Annie and Stretch (who has reentered the picture) are violently terrorized by both Angela, who is consumed by some sort of unexplained demonic possession, and vicious zombies in Angela’s orbit who are hellbent on taking her back.

Beyond that, I’m not sure I could spoil the plot if I wanted to. The imagery is chilling and the jump scares effective, though the jittery livestream is not always adequate to capture the terror unfolding onscreen; some pivotal scenes are muddled by the shaky chaos.

Still, Savage has an eye for spooky imagery — one horrific slaying unfolds against the backdrop of an amusement park funhouse — and a knack for framing shots such that we see the danger before the character wielding the iPhone. He also livens up the grim proceedings with black humor, such as when Annie deadpans “Wear a mask, bitch” while trying to smother Angela with a plastic bag.

DASHCAM

DASHCAM‘s back half is relentless in its tastelessness and gore, but for horror buffs, it’s a fun ride. The movie captures the very real sense of a world unmoored during lockdown with sinister forces run amok, and it evokes the vulgarity and bad-taste thrills of exploitation horror flicks from the 1960s and ’70s.

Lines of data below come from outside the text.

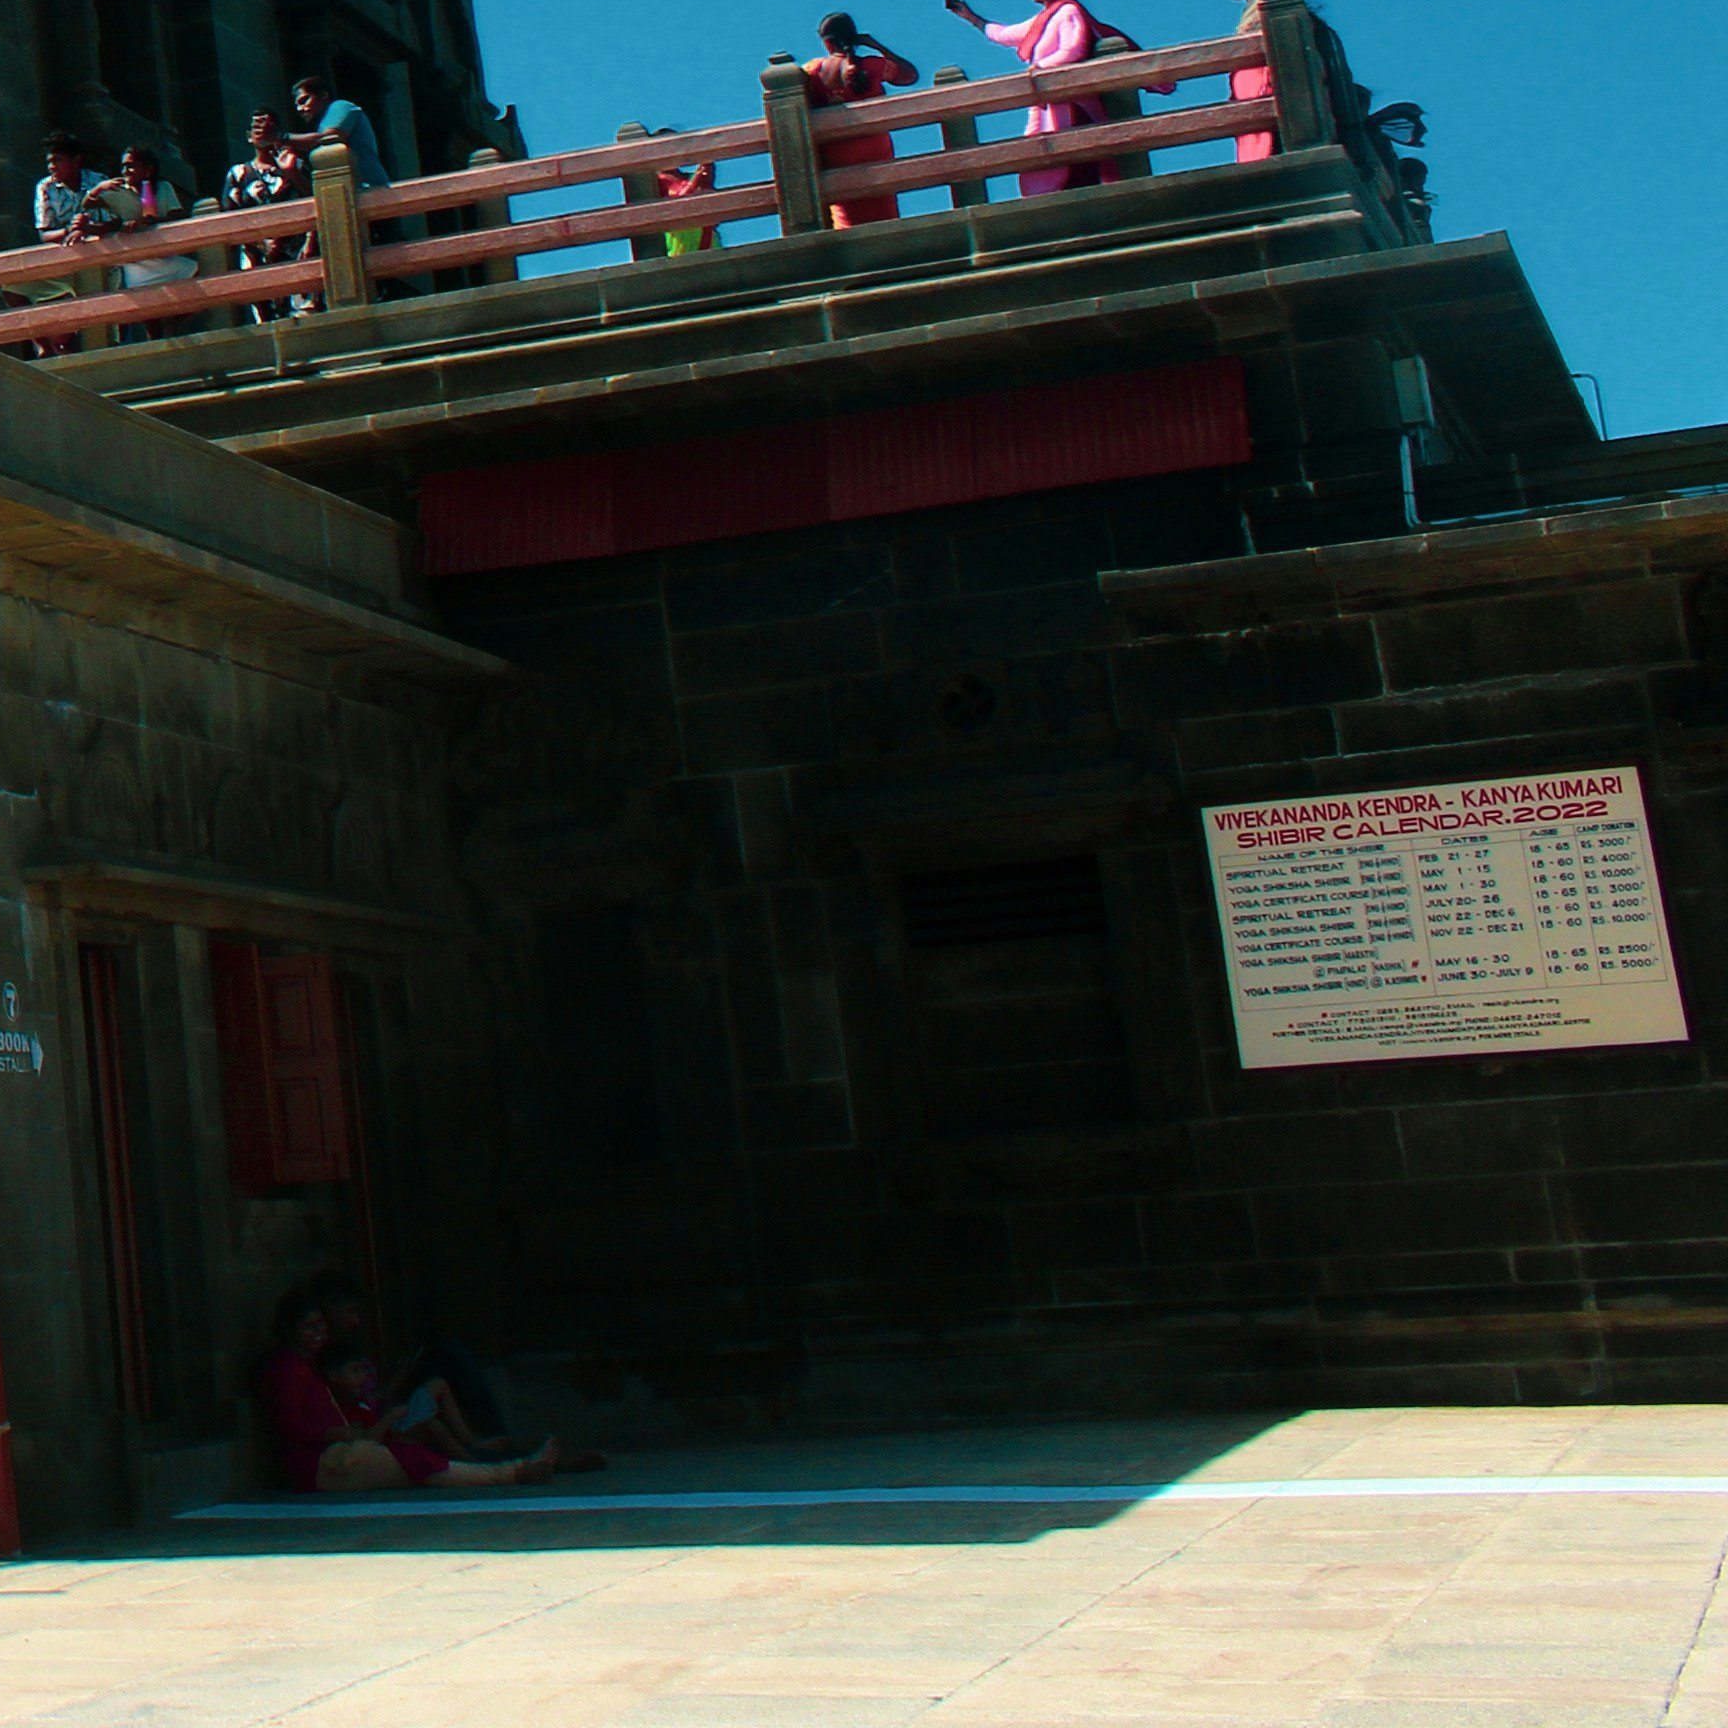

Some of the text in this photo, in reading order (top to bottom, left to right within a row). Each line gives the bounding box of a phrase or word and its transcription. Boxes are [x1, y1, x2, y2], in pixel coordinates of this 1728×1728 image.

[1214, 801, 1353, 831] VIVEKANANDA
[1357, 792, 1440, 817] KENDRA
[1236, 825, 1327, 848] SHIBIR
[1440, 834, 1489, 845] DATES
[1528, 828, 1558, 837] AGE
[1257, 844, 1384, 861] NAME OF THE SHIBIR
[1554, 842, 1569, 850] 65
[1417, 849, 1489, 863] FEB 21 27
[1531, 857, 1573, 868] 18 60
[1225, 861, 1345, 880] SPIRITUAL RETREAT
[1420, 868, 1444, 878] MAY
[1476, 864, 1491, 873] 15
[1533, 872, 1575, 883] 18 60
[1228, 876, 1350, 894] YOGA SHIKSHA SHIBIR
[1422, 883, 1447, 892] MAY
[1479, 878, 1496, 888] 30
[1230, 890, 1370, 909] YOGA CERTIFICATE COURSE
[1536, 887, 1577, 899] 18 65
[1425, 898, 1454, 908] JULY
[1537, 902, 1580, 913] 18 60
[1232, 906, 1353, 924] SPIRITUAL RETREAT
[1427, 913, 1451, 922] NOV
[1455, 911, 1471, 920] 22
[1484, 909, 1505, 918] DEC
[1430, 922, 1524, 937] NOV 22 DEC 21
[1540, 917, 1582, 928] 18 60
[1235, 921, 1356, 939] YOGA SHIKSHA SHIBIR
[1237, 935, 1363, 953] YOGA CERTIFICATE COURSE
[1239, 952, 1341, 967] YOGA SHIKSHA SHIBIR
[1434, 957, 1461, 966] MAY
[1491, 953, 1510, 963] 30
[1545, 947, 1587, 959] 18 65
[1548, 962, 1589, 973] 18 60
[1436, 971, 1467, 981] JUNE
[1469, 970, 1487, 979] 30
[1243, 981, 1343, 996] YOGA SHIKSHA SHIBIR
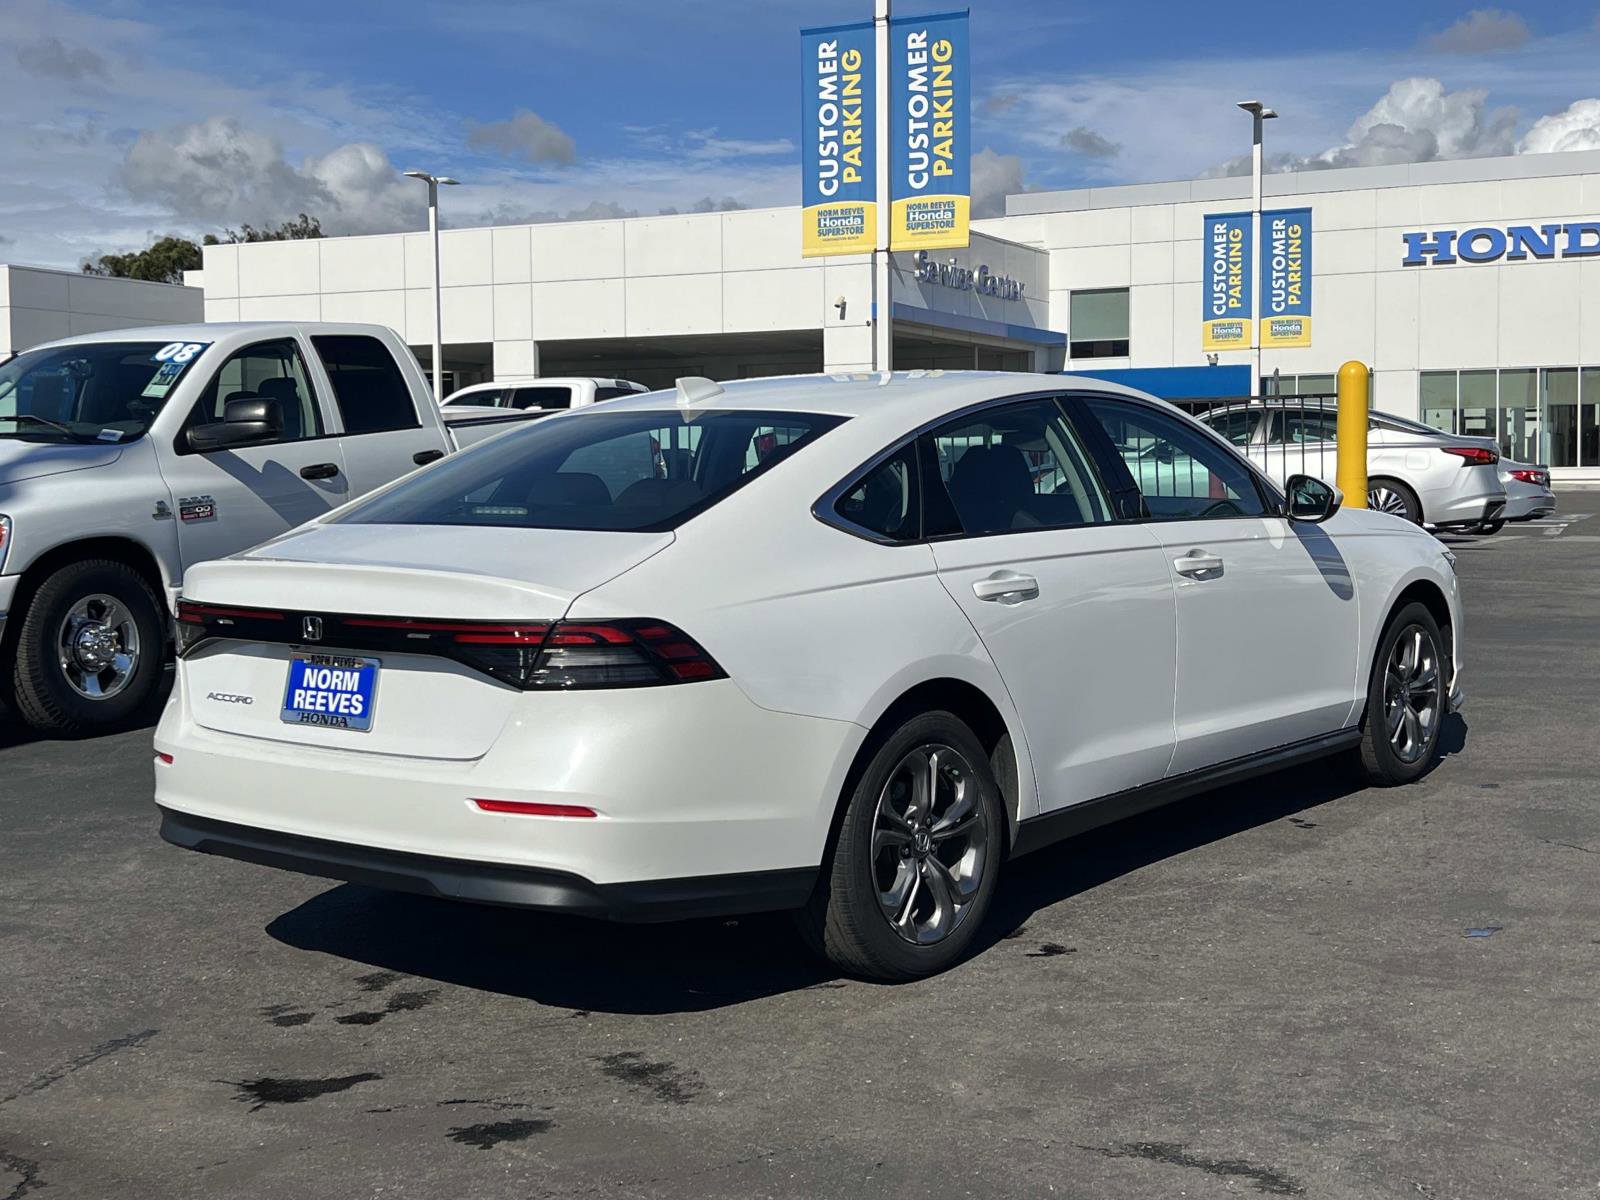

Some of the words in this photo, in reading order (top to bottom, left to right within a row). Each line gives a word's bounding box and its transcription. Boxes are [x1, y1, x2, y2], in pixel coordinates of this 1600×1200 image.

Some critics have found the film’s quote-unquote “hero” too noxious to tolerate. I disagree. Annie is insufferable, but she functions as a cartoonish send-up of self-absorbed Americans putting themselves in harm’s way during the pandemic. Besides, it’s Annie’s recklessness and dearth of common sense that gets her in this mess in the first place. Otherwise, the character’s terrible decisions wouldn’t be halfway believable.

(Side note: I assumed the real Annie Hardy was in on the joke of satirizing Covid deniers. Yet a search through her Twitter reveals she really has spent the pandemic railing against masks and spreading conspiracy theories about vaccines.)

What’s less plausible is the livestream conceit. As the stakes are raised and the violent carnage escalates, it’s hard to suspend disbelief that Annie would somehow continue streaming while being chased and terrorized by these malevolent forces. (Or that her iPhone would remain functional and attached to her person.) A sequence in which Annie nearly drowns in a car submerged underwater particularly stretches the credulity of the format.

Yet at its core, DASHCAM burrows deep into the psyche of livestreamers and narcissists — those who serve at the mercy of a compulsion to broadcast their life 24/7. Even when Annie is bloodied and bruised, pursued by violent forces, she stops Stretch from calling the police and insists that she must keep streaming. “This is the best episode of Band Car ever!” she admonishes him. When content is everything, everything is content.

DASHCAM is Rated R and is available for purchase on VOD platforms. It’s also playing theatrically in select cities nationwide. Check local movie listings.